▶ TASK OBJECTIVE
Return the listing exactly as it appears, but strip out the images.
========================================
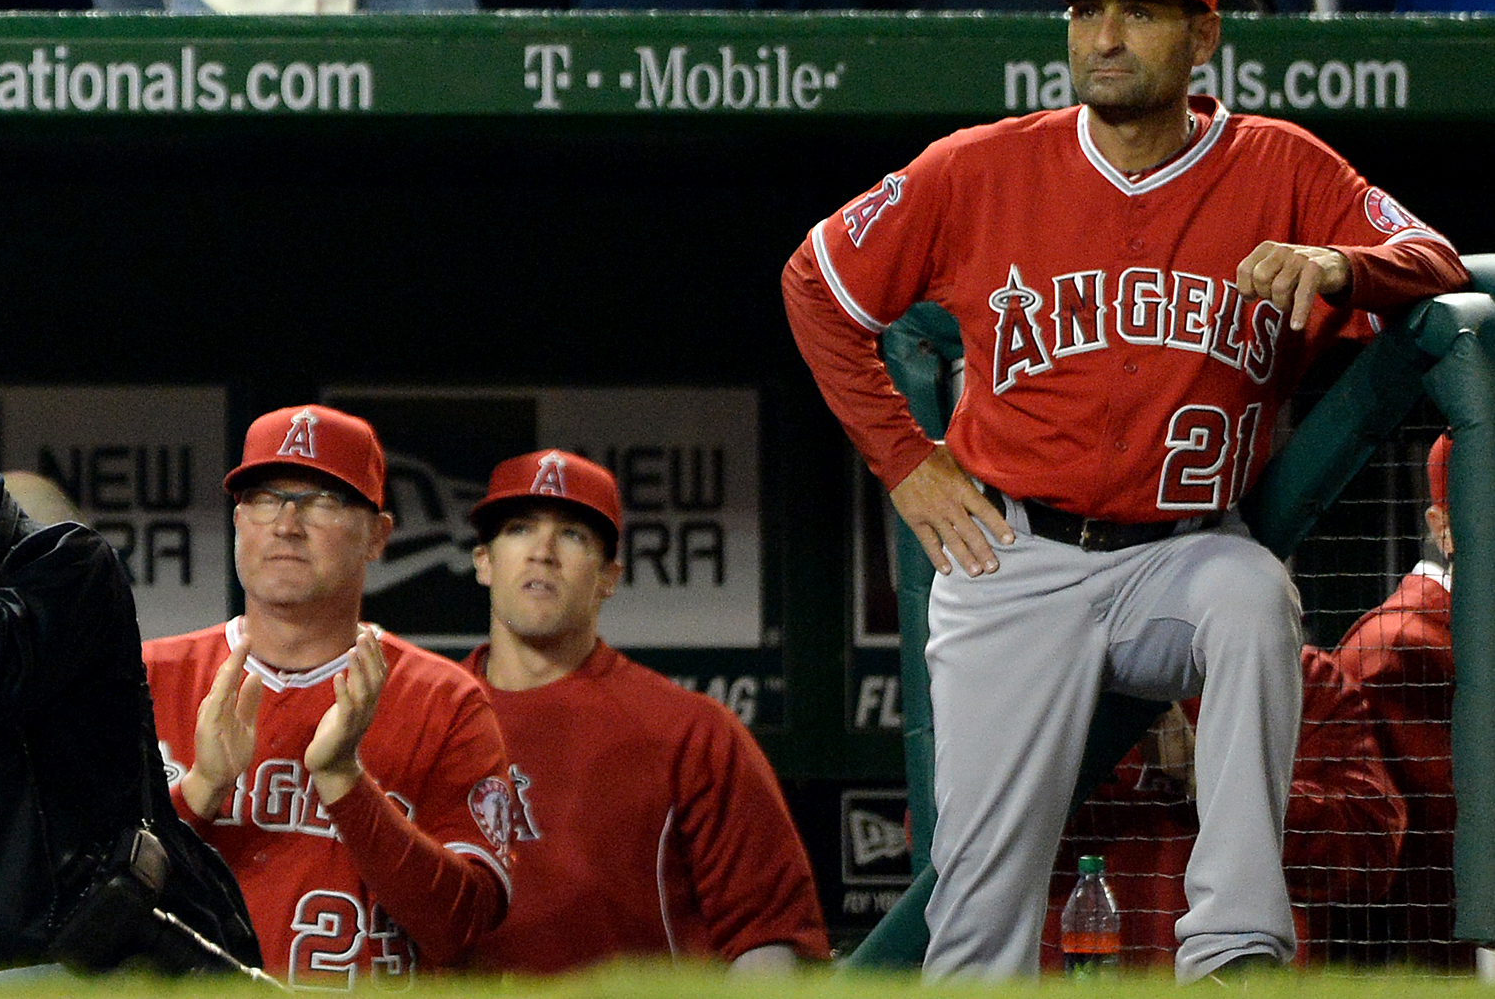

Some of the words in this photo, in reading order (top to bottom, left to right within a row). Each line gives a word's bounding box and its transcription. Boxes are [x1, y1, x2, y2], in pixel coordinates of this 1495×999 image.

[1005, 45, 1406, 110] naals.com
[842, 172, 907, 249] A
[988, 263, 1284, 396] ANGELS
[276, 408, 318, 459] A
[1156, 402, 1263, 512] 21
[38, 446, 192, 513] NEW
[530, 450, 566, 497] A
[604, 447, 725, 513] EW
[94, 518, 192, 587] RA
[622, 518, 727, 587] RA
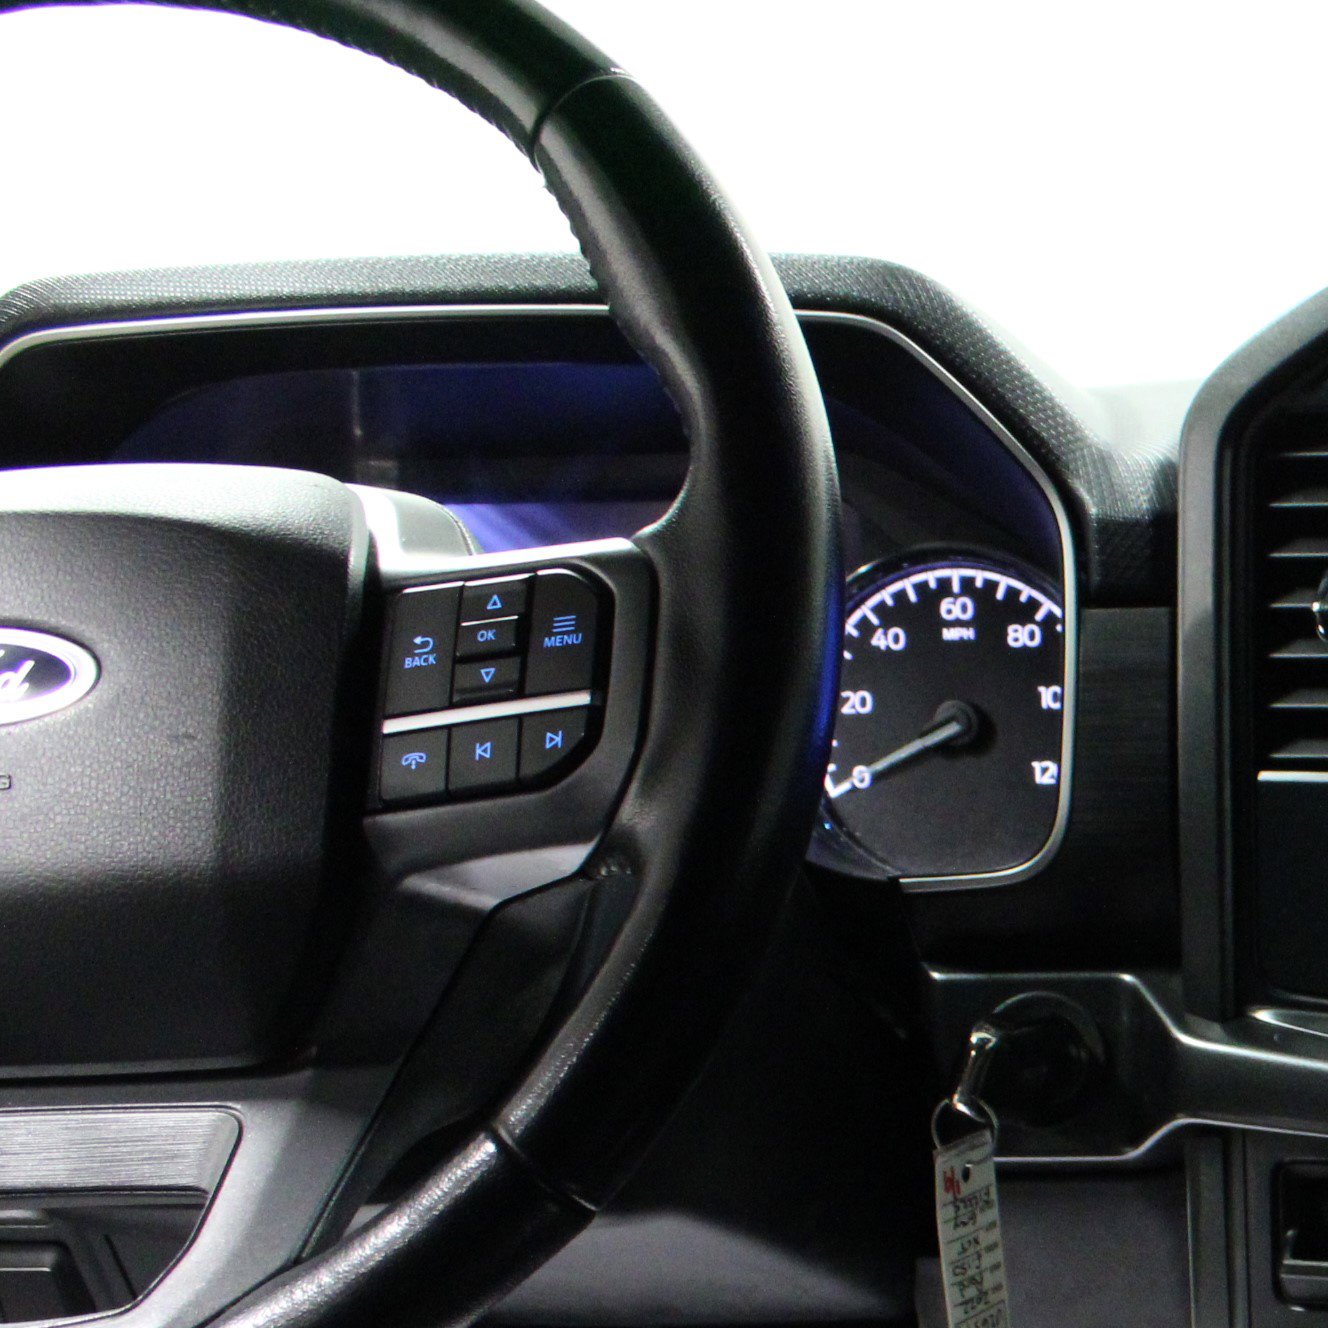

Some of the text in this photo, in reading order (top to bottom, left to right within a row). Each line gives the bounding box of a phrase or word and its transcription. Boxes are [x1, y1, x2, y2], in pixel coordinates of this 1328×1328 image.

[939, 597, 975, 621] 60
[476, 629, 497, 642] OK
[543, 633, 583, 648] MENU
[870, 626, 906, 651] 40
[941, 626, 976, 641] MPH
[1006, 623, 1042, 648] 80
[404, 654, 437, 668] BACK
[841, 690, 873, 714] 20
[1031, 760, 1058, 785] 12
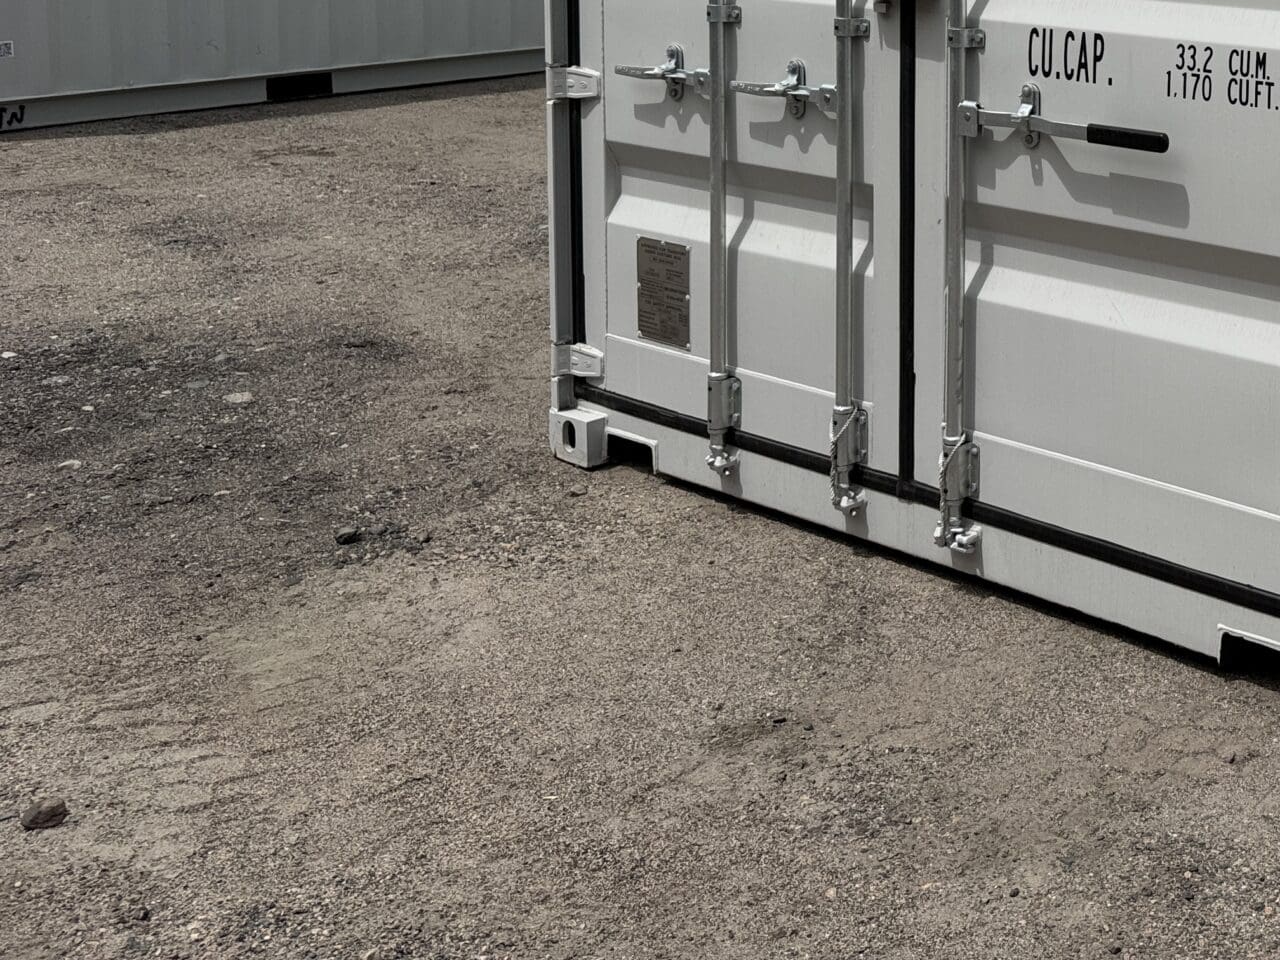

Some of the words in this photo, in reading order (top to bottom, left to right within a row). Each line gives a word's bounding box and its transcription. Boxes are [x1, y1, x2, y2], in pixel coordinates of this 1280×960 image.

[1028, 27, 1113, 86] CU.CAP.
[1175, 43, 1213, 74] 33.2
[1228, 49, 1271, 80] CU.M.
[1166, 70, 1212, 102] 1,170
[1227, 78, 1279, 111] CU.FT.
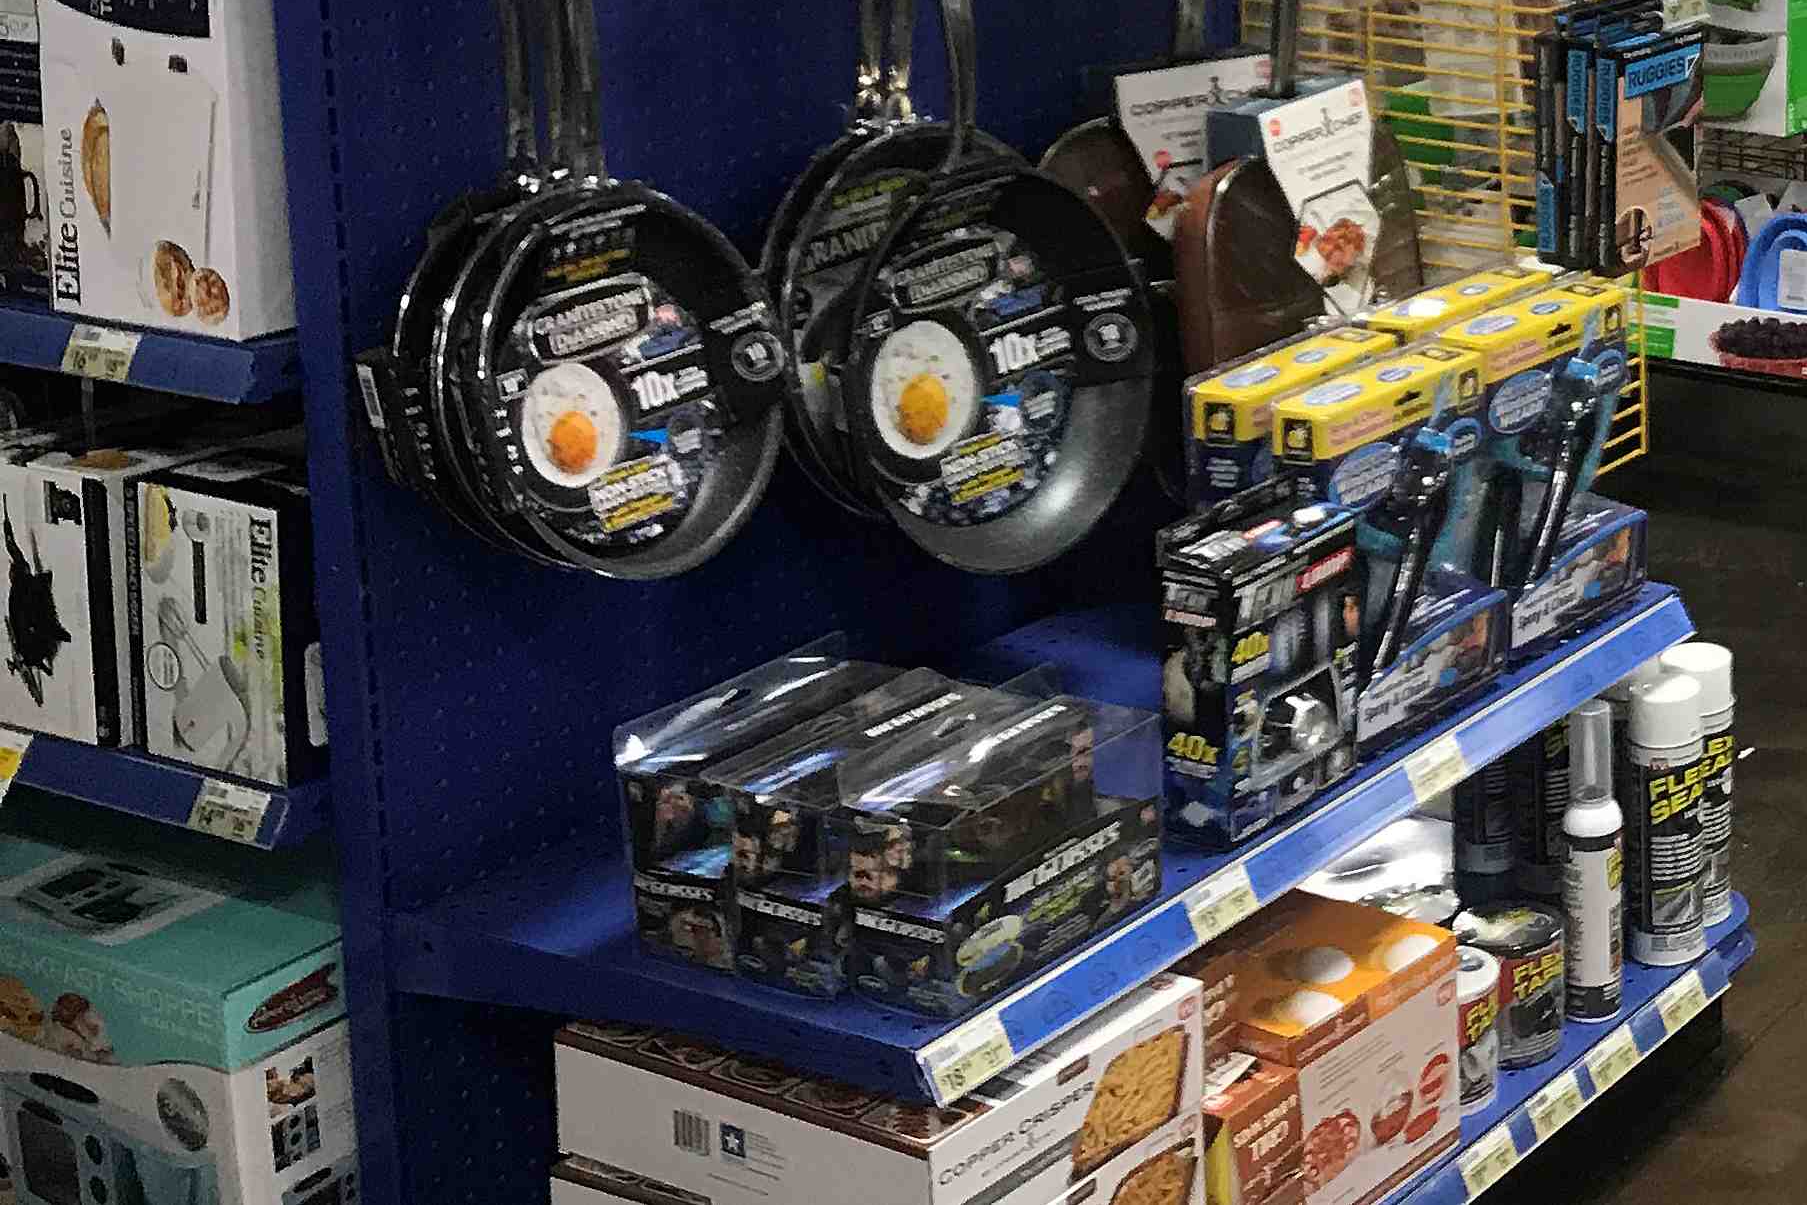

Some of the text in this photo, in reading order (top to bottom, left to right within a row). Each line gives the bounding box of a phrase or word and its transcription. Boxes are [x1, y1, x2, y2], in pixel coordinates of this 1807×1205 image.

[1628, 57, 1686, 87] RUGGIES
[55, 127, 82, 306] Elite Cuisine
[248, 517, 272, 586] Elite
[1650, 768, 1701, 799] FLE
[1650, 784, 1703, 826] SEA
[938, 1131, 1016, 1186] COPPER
========================================
▶ SOLUTION TO THIS PROBLEM
Some of the words in this photo, in reading order (top to bottom, left to right within a row). Each line gives a word's bounding box and its transcription. Boxes are [x1, y1, x2, y2], in pixel coordinates of this 1495×999 image.

[1005, 45, 1406, 110] naals.com
[842, 172, 907, 249] A
[988, 263, 1284, 396] ANGELS
[276, 408, 318, 459] A
[1156, 402, 1263, 512] 21
[38, 446, 192, 513] NEW
[530, 450, 566, 497] A
[604, 447, 725, 513] EW
[94, 518, 192, 587] RA
[622, 518, 727, 587] RA

Some of the text in this photo, in reading order (top to bottom, left to right within a row). Each line gives the bounding box of a phrase or word and its transcription. Boxes are [x1, y1, x2, y2], in pixel coordinates of this 1328×1328 image.

[939, 597, 975, 621] 60
[476, 629, 497, 642] OK
[543, 633, 583, 648] MENU
[870, 626, 906, 651] 40
[941, 626, 976, 641] MPH
[1006, 623, 1042, 648] 80
[404, 654, 437, 668] BACK
[841, 690, 873, 714] 20
[1031, 760, 1058, 785] 12

Some of the words in this photo, in reading order (top to bottom, left to right within a row). Each line gives a word's bounding box and its transcription. Boxes are [x1, y1, x2, y2], in pixel coordinates of this 1280×960 image.

[1028, 27, 1113, 86] CU.CAP.
[1175, 43, 1213, 74] 33.2
[1228, 49, 1271, 80] CU.M.
[1166, 70, 1212, 102] 1,170
[1227, 78, 1279, 111] CU.FT.

Some of the text in this photo, in reading order (top to bottom, left to right within a row). Each line gives the bounding box of a phrase or word and its transcription. Boxes are [x1, y1, x2, y2], in pixel coordinates of this 1807×1205 image.

[1628, 57, 1686, 87] RUGGIES
[55, 127, 82, 306] Elite Cuisine
[248, 517, 272, 586] Elite
[1650, 768, 1701, 799] FLE
[1650, 784, 1703, 826] SEA
[938, 1131, 1016, 1186] COPPER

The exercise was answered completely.